Devotional 2-17-13
Tempted to Trade
You are driving along in your not so exciting, ho hum, it’ll get me there car. At the stop light a much newer version of modern chariot pulls along side. You know for sure that it will get better mileage than your car currently does, it will accelerate much faster away from the light when it turns green than the ride you now drive, and you know positively that it will have that ‘new car smell’. And in a moment of remembering only the times your car wouldn’t start, that the air conditioning failed to fire on that 90 degree day and the time the anti freeze all leaked out >> you are tempted to trade.
Your house has been a good house. Your children were born here. You have so many memories. You have so m-u-c-h stuff. If only you had another bedroom or a basement or a two-car garage, and suddenly all that fills your mind is that the windows are not double pane and a few of the door knobs are ‘sloppy’, the powder room sink drips, and the furnace may be headed down its last winter road and >> you are tempted to trade.
My birthday was last month. Although I’m now past the half century mark I still remember, with a smile on my face, the cake and ice cream parties from my childhood, the singing over the phone from friends, and as I grew and moved away, the “take it to the bank” assurance that my mom was going to call me…probably at nine minutes until eleven at night (that’s 2251 military time) and recount some of the stories surrounding that January day in 1962. I was always reminded that I was actually due in March (go figure). I was always reminded that because I was born in an Army hospital (now you get the 2251) that no one was allowed in the room with the mother, and I was always reminded that because the rules said that a girl’s name and a boy’s name had to be written down prior to delivery that had I been a girl I would have been Ann Elizabeth. A story that I did not know until I was a middle teen was this: Mom was 28 when I was born. My brother had already been on the scene for two years -- that made Mom a veteran baby deliverer. The young girl (Mom said 18 years old) in the neighboring bed had just delivered her first child and was scared out of her mind. The young girl’s husband had demanded (Mom’s word) DEMANDED that she have a son. As you can imagine from the tone so far – she had a girl. Mom said that the new mother looked at her with tears streaming down her face and said, “You have one boy already don’t you? Do you want to trade?” I am as sure as I live and breathe that Mom never considered the offer. It was, however, used by me every once in a while when I would do something that earned me the mom’s raised eyebrow expression. I would say, “Hey! You had your chance to trade me and didn’t take it.” It would lighten the moment for a moment until the full weight of that statement hit us both and we would reflect and wonder whatever happened to that young family.

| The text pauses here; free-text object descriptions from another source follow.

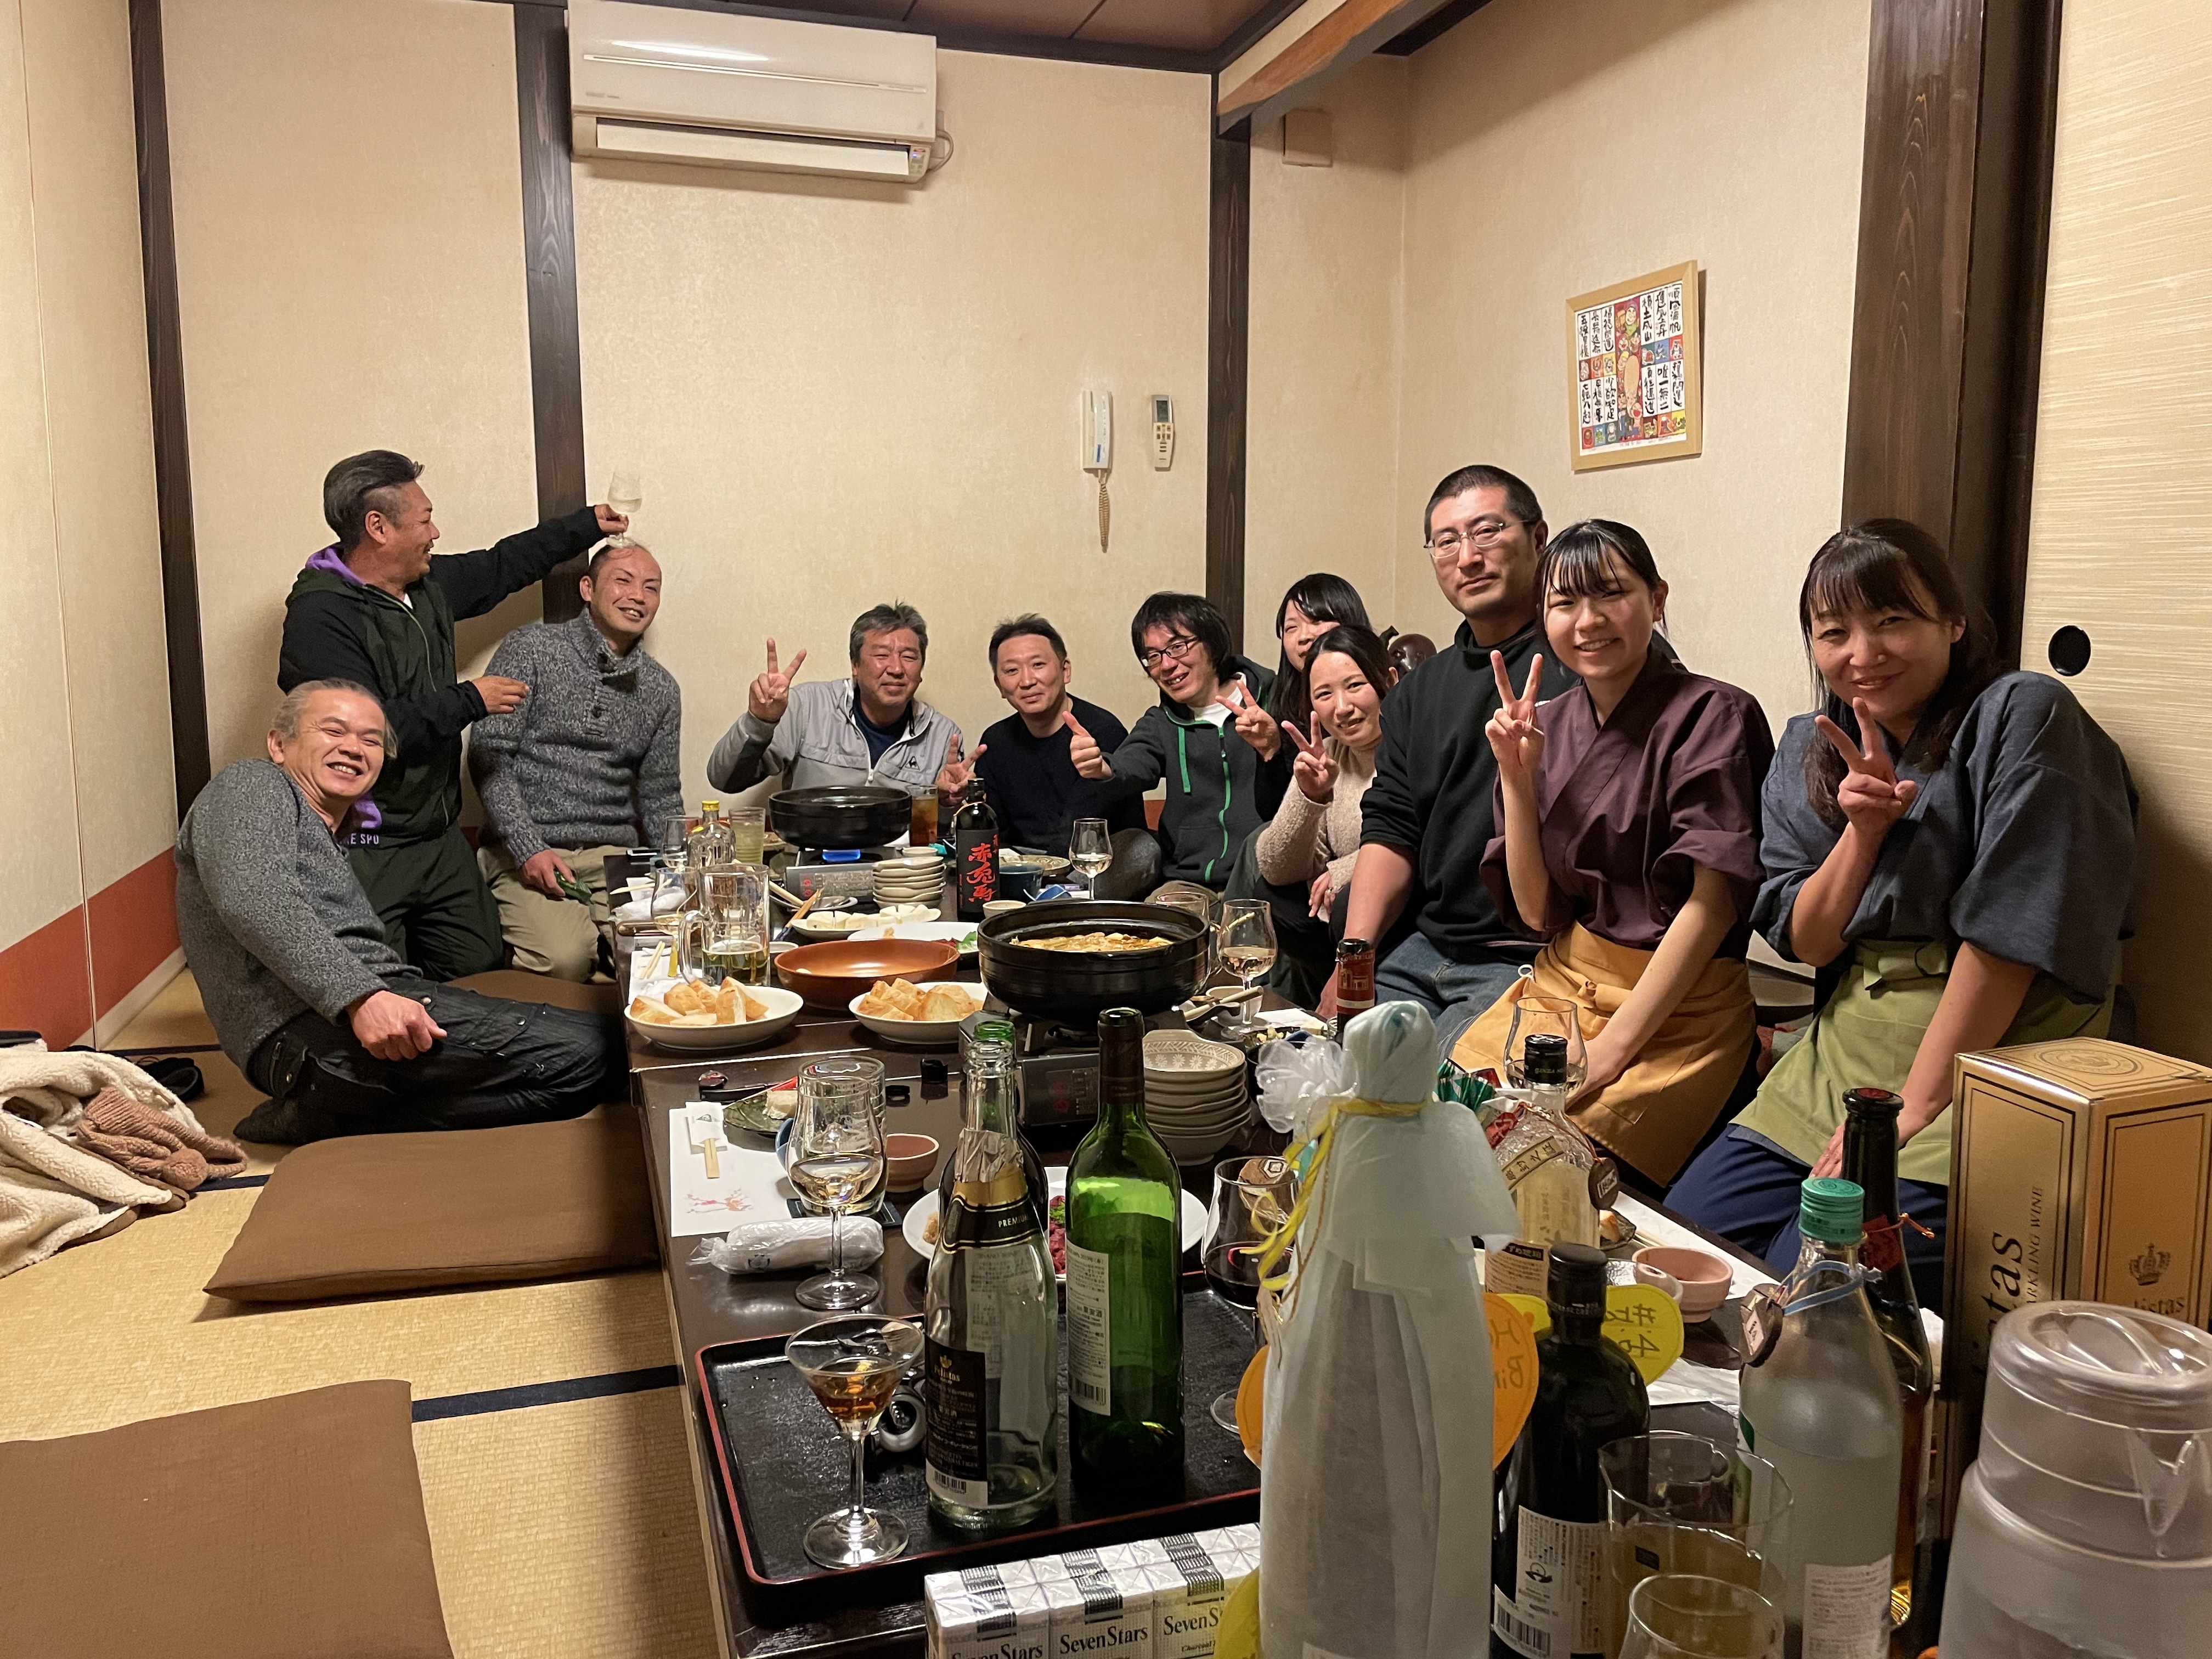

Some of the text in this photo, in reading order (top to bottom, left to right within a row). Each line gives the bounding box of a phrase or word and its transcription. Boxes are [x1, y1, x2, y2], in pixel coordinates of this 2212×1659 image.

[1657, 364, 1668, 410] 唯一無二
[2030, 1186, 2043, 1227] WINE
[1980, 1231, 2023, 1317] tas
[1164, 1607, 1223, 1635] SevenS
[952, 1644, 1043, 1659] nStars

One of the scriptures for this time period in Lent is the Luke 4 passage about Jesus being tempted in the wilderness. The devil comes to Jesus following a 40 day fast, “If you’re God, turn this stone to bread.” He takes Jesus to a high place, “Worship me, and I will give you all of this.” One last attempt: he takes Jesus to the peak of the temple so that Jesus may throw himself down. To strengthen his case he quotes scripture, He will command his angels concerning you and to protect you.
Here’s a temptation possibility that scares me. What if the devil had taken Jesus by the shoulders, holding him upright in his weakened state and said, “Look, man. You know where you are going. I know where you are going. Are you really going to die for this Steve guy? Do you not see how many times he will disappoint you? Are you really willing to give your life? Let’s trade him in. I’ll make the bread and get you some water. You give that Steve fella to me, and we’ll call it a day. You go on your way and live, and I’ll take care of the rest.”
Every day I am grateful for my wonderful, loving parents. Grateful to Mom that Rob didn’t end up with a sister. And I am fall on my knees, press my face to the ground grateful that I don’t get traded in every time I fail to start or overheat or make Him wish that I did something or had something that I don’t. The sacrifice was beyond price, and I pray this Easter season that I/we will recognize the ‘should have been’ that we really deserve and know, as we live and breathe, that it will never happen that way.
Jesus loves me. This I know…
Steve Matthews
Labels: Matthews S
1 Comments:
I love you,too, and I love your devotional. You always make me cry - in a good way. (I'm a little behind in my reading.)